The Hydrogen Lab Leuna offers modularly usable test areas for electrolysis systems, power-to-X and power-to-liquid projects up to 5 MW connected load. "The direct integration into the infrastructure of a chemical park offers us not only a connection to the H2 pipeline network of Central Germany, but also access to the local chemical industry, which needs a lot of hydrogen and has a great interest in using sustainable technologies and processes for this purpose. We will thus not only test and further develop electrolysers in Leuna, but also devote ourselves to the issues of power-to-X technologies. The first project with a high-temperature electrolyzer of the 1 MW class in combination with the production of green methanol has just started," says Dr.-Ing. Sylvia Schattauer, deputy director of the Fraunhofer IMWS and coordinator of the activities in Leuna.

Three megawatt-class Hydrogen Labs by the end of 2022

The three megawatt-class Hydrogen Labs have clear unique selling points: In Leuna, the pilot plant is directly connected to the pipeline of the regional chemical industry.

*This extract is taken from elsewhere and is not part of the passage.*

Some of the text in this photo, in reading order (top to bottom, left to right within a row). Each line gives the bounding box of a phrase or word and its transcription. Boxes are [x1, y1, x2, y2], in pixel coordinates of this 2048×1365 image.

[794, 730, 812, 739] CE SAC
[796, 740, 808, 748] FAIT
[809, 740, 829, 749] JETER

In Görlitz (12.3 MW connected load; planned commissioning: end of 2022), the focus is on the generation, storage as well as use of hydrogen for mobile as well as stationary fuel cells, especially for mobility and for supplying neighborhoods and industrial sites. This primarily includes the evaluation of stacks and systems, microstructure analytics and diagnostics, digitalization, power electronics, and certification.

In Bremerhaven (initially 2 MW connected load, expandable to 10 MW; commissioning: mid-2022), the special feature is the connection to a MW wind turbine and to the virtual replica of a power grid to investigate electrical properties of electrolysers. The laboratories will be complemented by an application center in Hamburg, where research will be conducted on the modeling and control of decentralized, local energy systems. At each of the four locations, the special features of regional industry are also taken into account, for example in offering specific test procedures for newly developed technologies. In Leuna, for example, processes are being scaled up in collaboration with the Fraunhofer Center for Chemical-Biotechnological Processes CBP in order to use green hydrogen in a value-adding way for the low-emission production of basic chemicals and synthetic fuels. For example, in the aforementioned start-up project, green methanol is being produced for the first time on an industrial scale.

The joint orchestration of activities by the three institutes enables, for the first time, a cross-sector demonstration of renewable energy generation towards the impact and modeling of the interaction of large regional energy generation, storage and consumer units. Plant engineers and component manufacturers are given the opportunity to test new developments in equipment on an industrial scale. The close cooperation of the participating scientists ensures an intensive exchange of experience, complementary development and facilitated access for industry.